Je ne rentrais pas chez moi ce soir-là. J'avouais à Sergueï ; du bout des lèvres, que j'avais peur de croiser Akim. Il ne dit rien, se contenta de m'emmener chez lui, un appartement à quelques mètres à peine du Saphir, dans la rue piétonne. Rien d'extraordinaire, un lit, une petite cuisine, une vieille télé et des livres, beaucoup de livres répartis dans deux bibliothèques. Je ne dormis pas, me contentant de fermer brièvement les yeux alors qu'il était de l'autre côté de la pièce, dans le canapé où ses souffles lourds m'indiquaient qu'il ne dormait pas non plus. Nous ne nous étions pas parlé, pas touché, à peine regarder, dans une ambiance lourde de honte après sexe. De honte et de quelque chose d'autre, sans se l'avouer, se dire que nous n'étions pas parfaitement rassasiés. Je me sentais bizarre d'avoir pénétré chez lui, après avoir fait ça dans un placard à balais. C'était intime, c'était une partie de lui et c'était trop pour moi.

Je partis comme un voleur, récupérant le sweat qu'il m'avait piqué et lui volant un caleçon dans un tiroir. Mon sac sur le dos, je claquais sa porte.


La tempête était passée, je constatais désormais les dégâts sur mon esprit. La relation avec Antoine restait complexe, d'une placidité qui me dérangeait. Il ne me touchait plus, respectait une distance de sécurité ridicule. Partout où nous étions, Aline était là, et ça m'irritait profondément.

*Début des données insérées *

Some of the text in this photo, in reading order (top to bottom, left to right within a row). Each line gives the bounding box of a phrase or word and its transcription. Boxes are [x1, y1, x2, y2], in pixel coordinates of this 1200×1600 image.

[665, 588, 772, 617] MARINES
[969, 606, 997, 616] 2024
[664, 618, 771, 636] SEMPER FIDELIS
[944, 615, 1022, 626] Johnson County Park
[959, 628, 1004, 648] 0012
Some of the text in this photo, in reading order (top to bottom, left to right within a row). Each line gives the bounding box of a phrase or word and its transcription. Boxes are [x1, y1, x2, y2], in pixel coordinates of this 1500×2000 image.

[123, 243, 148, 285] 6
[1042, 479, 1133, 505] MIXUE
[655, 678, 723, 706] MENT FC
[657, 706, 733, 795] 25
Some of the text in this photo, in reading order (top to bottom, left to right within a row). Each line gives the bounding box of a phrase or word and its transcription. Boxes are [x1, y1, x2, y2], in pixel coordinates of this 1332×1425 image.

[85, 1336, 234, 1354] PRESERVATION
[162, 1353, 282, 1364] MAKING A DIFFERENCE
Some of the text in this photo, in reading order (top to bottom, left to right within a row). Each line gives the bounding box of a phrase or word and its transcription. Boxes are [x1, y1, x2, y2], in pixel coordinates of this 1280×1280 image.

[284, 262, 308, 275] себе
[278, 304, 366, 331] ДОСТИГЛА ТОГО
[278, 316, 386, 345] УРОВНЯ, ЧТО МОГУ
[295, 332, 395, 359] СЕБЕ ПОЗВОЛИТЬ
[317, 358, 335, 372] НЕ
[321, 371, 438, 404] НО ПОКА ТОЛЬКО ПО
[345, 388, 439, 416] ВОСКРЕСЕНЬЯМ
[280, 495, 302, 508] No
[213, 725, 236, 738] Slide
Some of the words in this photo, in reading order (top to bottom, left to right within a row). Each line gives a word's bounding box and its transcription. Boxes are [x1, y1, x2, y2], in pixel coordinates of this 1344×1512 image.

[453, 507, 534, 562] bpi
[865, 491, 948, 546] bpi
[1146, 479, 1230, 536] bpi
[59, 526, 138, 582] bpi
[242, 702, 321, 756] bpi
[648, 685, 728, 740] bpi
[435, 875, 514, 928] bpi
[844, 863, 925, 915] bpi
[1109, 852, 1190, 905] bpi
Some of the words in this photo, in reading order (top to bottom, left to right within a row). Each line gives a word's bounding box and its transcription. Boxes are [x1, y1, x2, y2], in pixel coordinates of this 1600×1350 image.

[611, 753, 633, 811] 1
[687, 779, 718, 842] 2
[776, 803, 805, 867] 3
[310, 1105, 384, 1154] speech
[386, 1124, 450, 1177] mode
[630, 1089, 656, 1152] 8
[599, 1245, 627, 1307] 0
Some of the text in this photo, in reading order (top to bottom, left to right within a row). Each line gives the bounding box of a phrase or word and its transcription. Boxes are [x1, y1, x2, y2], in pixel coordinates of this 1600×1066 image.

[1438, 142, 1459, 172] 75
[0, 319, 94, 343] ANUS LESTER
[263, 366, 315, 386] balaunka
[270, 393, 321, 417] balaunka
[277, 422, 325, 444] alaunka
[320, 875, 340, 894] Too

Je ne croisais pas Antoine de la journée, avec des options différentes, nous étions tous les deux dans des groupes distincts. Je traînais les pieds jusqu'à la boxe, en sachant d'ores et déjà que j'allais être mis de côté puisque je n'avais pas d'affaires. Evidemment, cela ne manqua pas, et je m'énervais sur le mur des vestiaires en y lançant un poing agacé. Rien n'allait plus dans mon sens et j'avais peur que tout ce que j'avais tant espéré s'effondre. J'aurais voulu me faire mal, j'aurais voulu tout détruire. Notre baise avait été géniale, m'avait fait planer le temps que ça avait duré. Et je me sentais encore plus maintenant, parce que je voulais qu'il recommence, encore et encore, jusqu'à ne plus savoir mon nom.


J'avais découvert mon homosexualité au collège, principalement dans les vestiaires de sport et grâce aux pornos sur Internet. Un mec de ma classe avait organisé une soirée, pour un anniversaire ou une fin d'année peut-être, et il y avait eu ce garçon. Il s'appelait Mathieu, gentil et discret, j'allais avoir quatorze ans, j'avais des hormones en ébullition, et lui allait déménager dans quelques jours.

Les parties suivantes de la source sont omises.